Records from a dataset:
════════════════

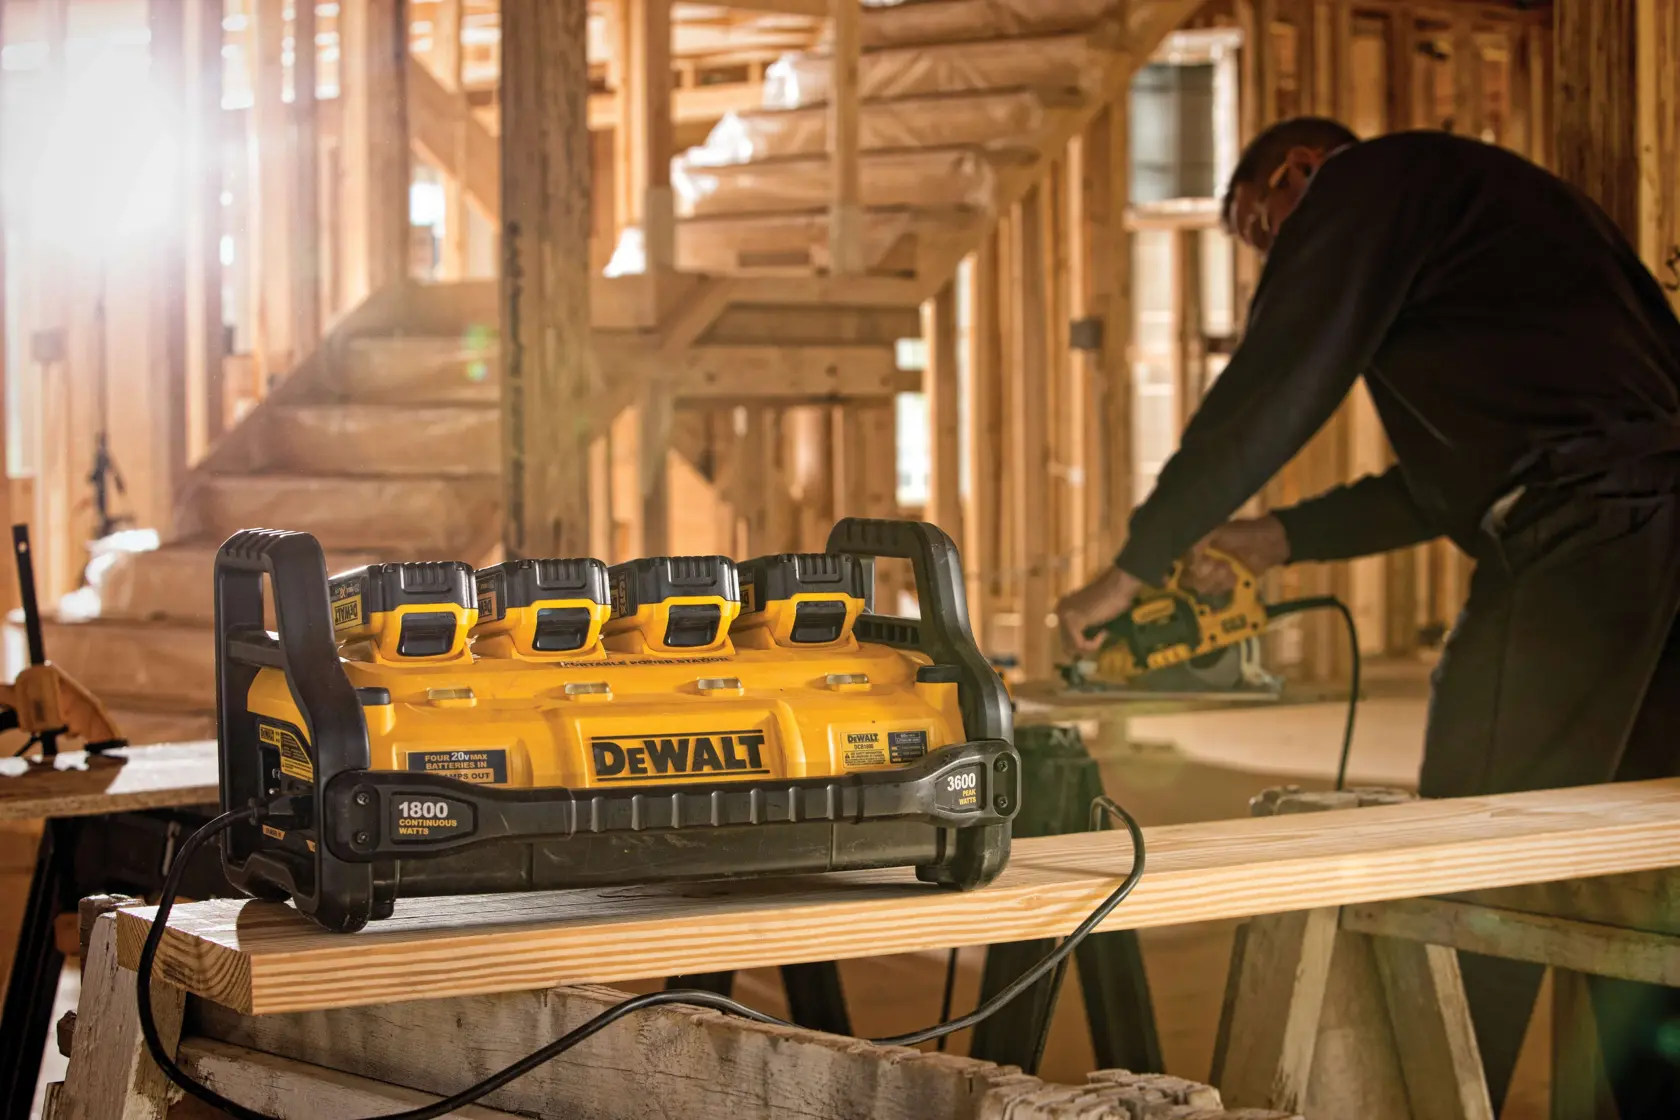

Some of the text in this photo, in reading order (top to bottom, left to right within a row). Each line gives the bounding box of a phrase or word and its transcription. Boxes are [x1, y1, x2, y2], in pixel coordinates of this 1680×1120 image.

[847, 733, 879, 744] DEWALT
[592, 735, 765, 776] DEWALT
[425, 762, 475, 770] BATTERIES
[947, 772, 977, 791] 3600
[962, 789, 977, 797] PEAK
[959, 796, 977, 805] WATTS
[398, 801, 448, 818] 1800
[399, 818, 457, 827] CONTINUOUS
[399, 827, 429, 835] WATTS

════════════════

▶ [REQUIRED WORK]:
Transcribe the records above verbatim. Do not carry over any picture.

▶ [RESULT BELOW]:
Some of the text in this photo, in reading order (top to bottom, left to right within a row). Each line gives the bounding box of a phrase or word and its transcription. Boxes are [x1, y1, x2, y2], in pixel coordinates of this 1680×1120 image.

[847, 733, 879, 744] DEWALT
[592, 735, 765, 776] DEWALT
[425, 762, 475, 770] BATTERIES
[947, 772, 977, 791] 3600
[962, 789, 977, 797] PEAK
[959, 796, 977, 805] WATTS
[398, 801, 448, 818] 1800
[399, 818, 457, 827] CONTINUOUS
[399, 827, 429, 835] WATTS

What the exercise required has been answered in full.